One afternoon, we stopped for a beer and food in the small Village of Ponte Arnelas, Spain. As was typical, we sat outside the café where most shops set up tables and chairs for their patrons. As I sipped on my beer, I noticed an older gentleman at the next table alone with his dog. The dog would occasionally get restless and sit up as cars and people passed by. The old man would gently tap his faithful friend on the head and the dog would lay back down content to be by his owner. As I observed this man’s solitude, I came to face-to-face with the reality of living a life alone. It reaffirmed for me in an instant everything I have been thinking and feeling. If I am blessed with longevity in life, I want someone with whom I can share my adventures (like walking the Camino Portugues) and life. I cannot sit idly by and trust fate to offer me an opportunity. I must actively pursue it.
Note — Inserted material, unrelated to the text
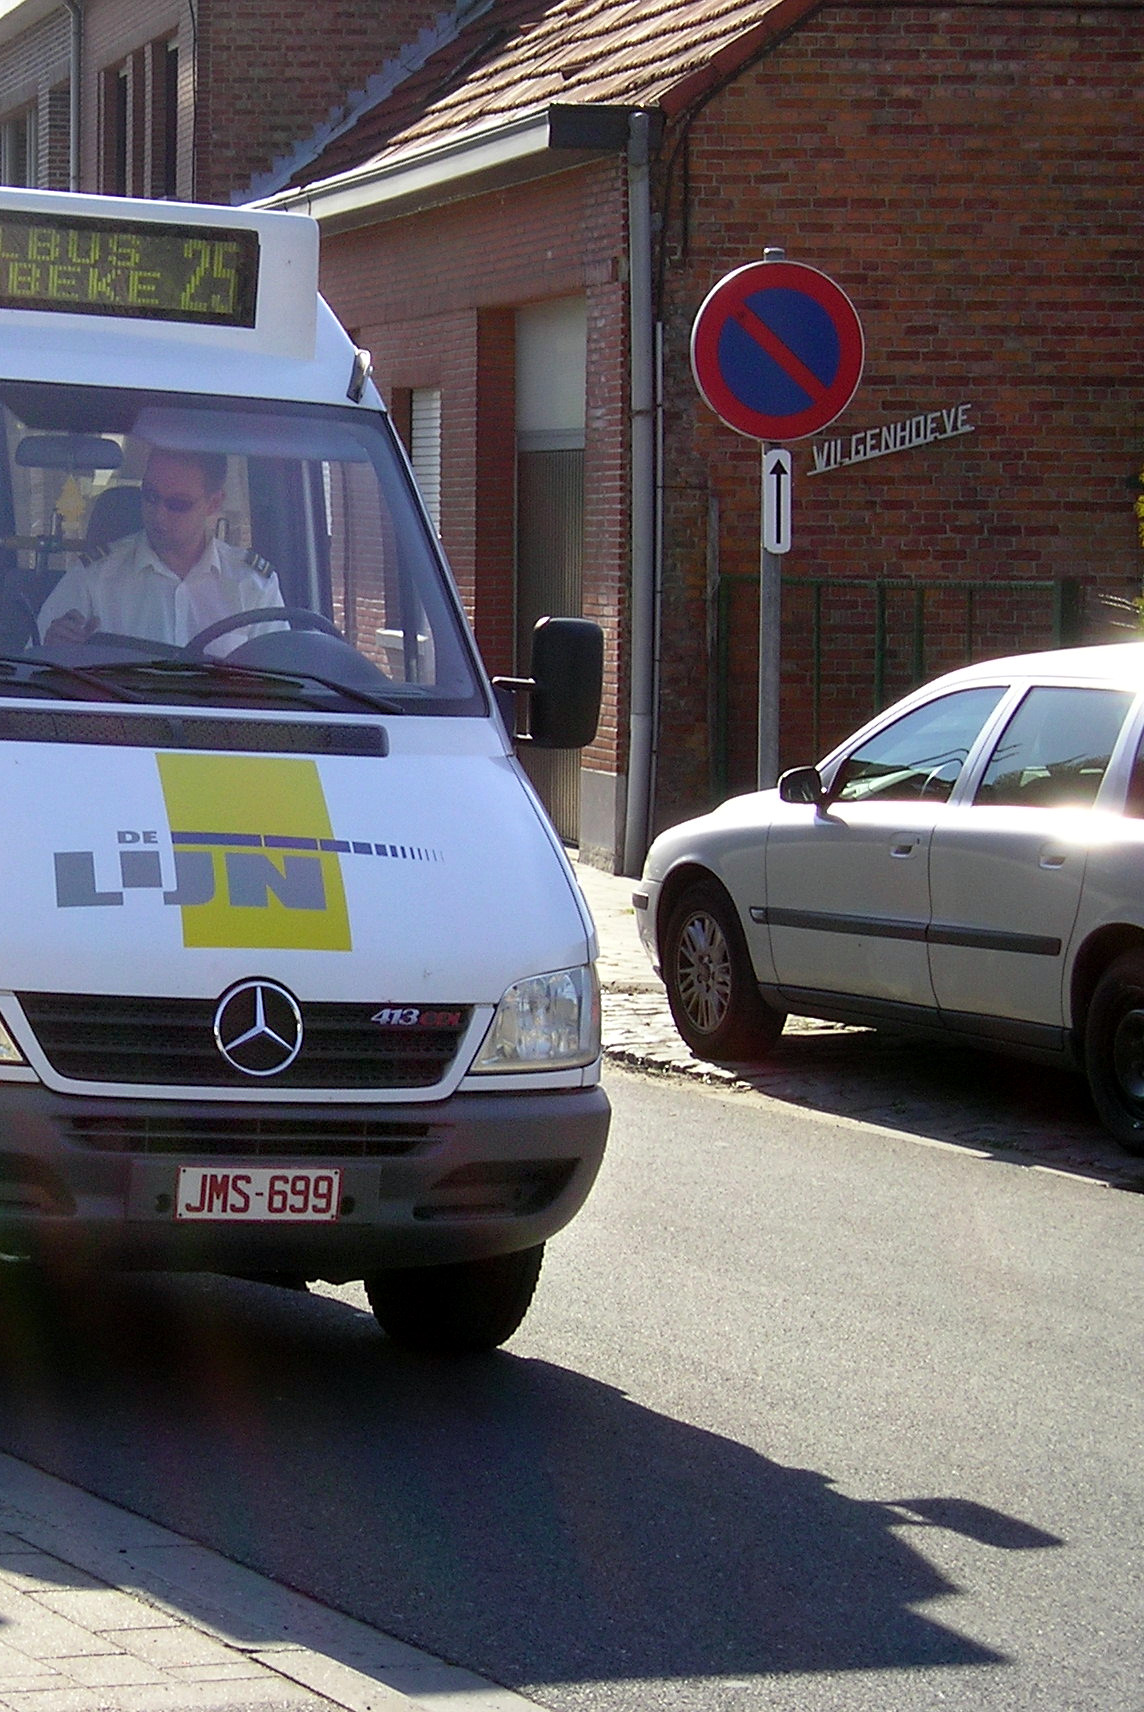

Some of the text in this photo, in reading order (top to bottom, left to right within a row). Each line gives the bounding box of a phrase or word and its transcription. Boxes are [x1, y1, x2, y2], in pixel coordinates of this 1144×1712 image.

There is a saying amongst the pilgrims of the various Camino pilgrimages. It is “the Camino provides.” Whatever hardship you encounter, the Camino will find a way to provide for your material or spiritual need. My clarity did not come as I entered Cathedral Square in Santiago. It did not materialize in some grand epiphany or vision. It came as I sat in a sidewalk café on a folding chair in Ponte Arnelas, Spain. It came through the simple quiet solitude of an old man and his dog. The Camino provides.

To Be Continued . . .

Thank you for reading My Joy Journey of Hope. I am always interested in hearing your thoughts and reactions to these Reflections. Please complete the form below to communicate those to me. Thank you for following my joy journey.

4 Comments

  1. Sue Kwiatkowski November 10, 2025 at 1:39 PM - Reply

    Can’t wait for part 2!!

  2. Sue Hoffmann November 10, 2025 at 9:19 PM - Reply

    You were a absolute blessing to us on this journey. Proud and excited to be a part of yours!!!

  3. Mark Rutkowski November 11, 2025 at 11:01 AM - Reply

    Thank you for sharing this reflection with everyone. This trip sounds like it was absolutely amazing! I can’t wait to hear the rest of the story.

  4. Sandra Katrichis December 3, 2025 at 9:56 AM - Reply

    “It came through the simple quiet solitude of an old man and his dog. The Camino provides.”

    After reading your last reflection of the year and re-reading this one I now understand the last statement…
    Wishing you a wonderful Holiday Season Mark!! Looking forward to what 2026 will bring to you!